___ Records to use

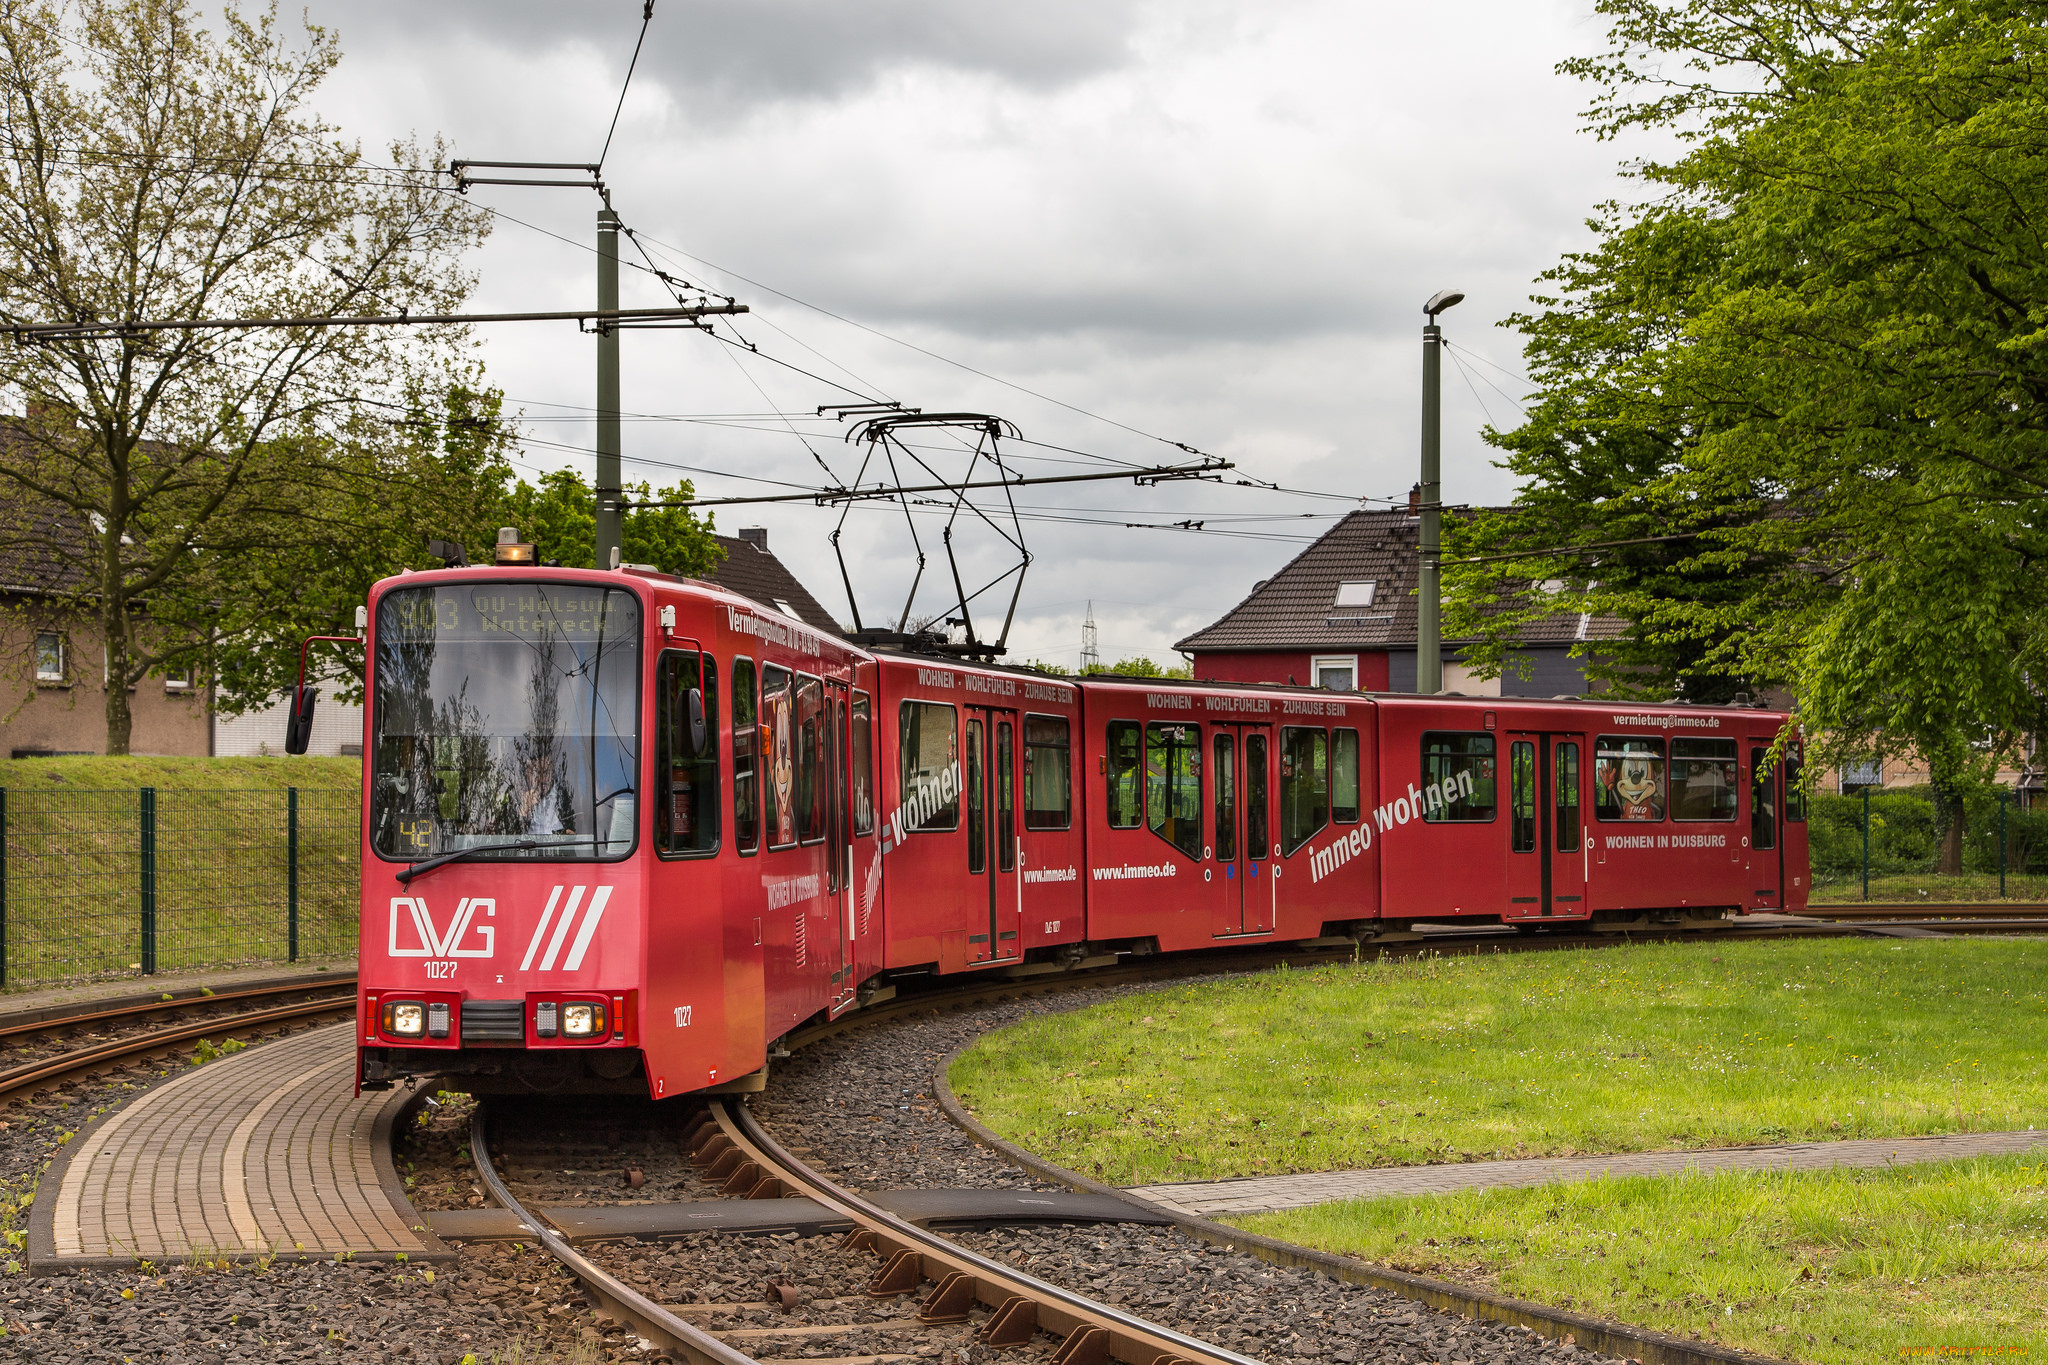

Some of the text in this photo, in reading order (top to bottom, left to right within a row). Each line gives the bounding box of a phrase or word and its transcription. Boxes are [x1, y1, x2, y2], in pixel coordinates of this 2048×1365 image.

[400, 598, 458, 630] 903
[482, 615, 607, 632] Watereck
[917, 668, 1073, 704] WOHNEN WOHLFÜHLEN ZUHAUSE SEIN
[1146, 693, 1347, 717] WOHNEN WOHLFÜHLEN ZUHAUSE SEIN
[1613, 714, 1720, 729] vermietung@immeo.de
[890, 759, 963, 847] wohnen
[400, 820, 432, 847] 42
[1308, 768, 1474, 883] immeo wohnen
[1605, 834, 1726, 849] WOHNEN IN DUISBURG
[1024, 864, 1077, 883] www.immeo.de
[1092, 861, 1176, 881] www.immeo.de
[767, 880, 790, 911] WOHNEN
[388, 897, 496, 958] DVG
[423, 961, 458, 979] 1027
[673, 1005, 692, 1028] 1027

______

Please print every record above exactly, but leave the pictures out.

Some of the text in this photo, in reading order (top to bottom, left to right within a row). Each line gives the bounding box of a phrase or word and its transcription. Boxes are [x1, y1, x2, y2], in pixel coordinates of this 2048×1365 image.

[400, 598, 458, 630] 903
[482, 615, 607, 632] Watereck
[917, 668, 1073, 704] WOHNEN WOHLFÜHLEN ZUHAUSE SEIN
[1146, 693, 1347, 717] WOHNEN WOHLFÜHLEN ZUHAUSE SEIN
[1613, 714, 1720, 729] vermietung@immeo.de
[890, 759, 963, 847] wohnen
[400, 820, 432, 847] 42
[1308, 768, 1474, 883] immeo wohnen
[1605, 834, 1726, 849] WOHNEN IN DUISBURG
[1024, 864, 1077, 883] www.immeo.de
[1092, 861, 1176, 881] www.immeo.de
[767, 880, 790, 911] WOHNEN
[388, 897, 496, 958] DVG
[423, 961, 458, 979] 1027
[673, 1005, 692, 1028] 1027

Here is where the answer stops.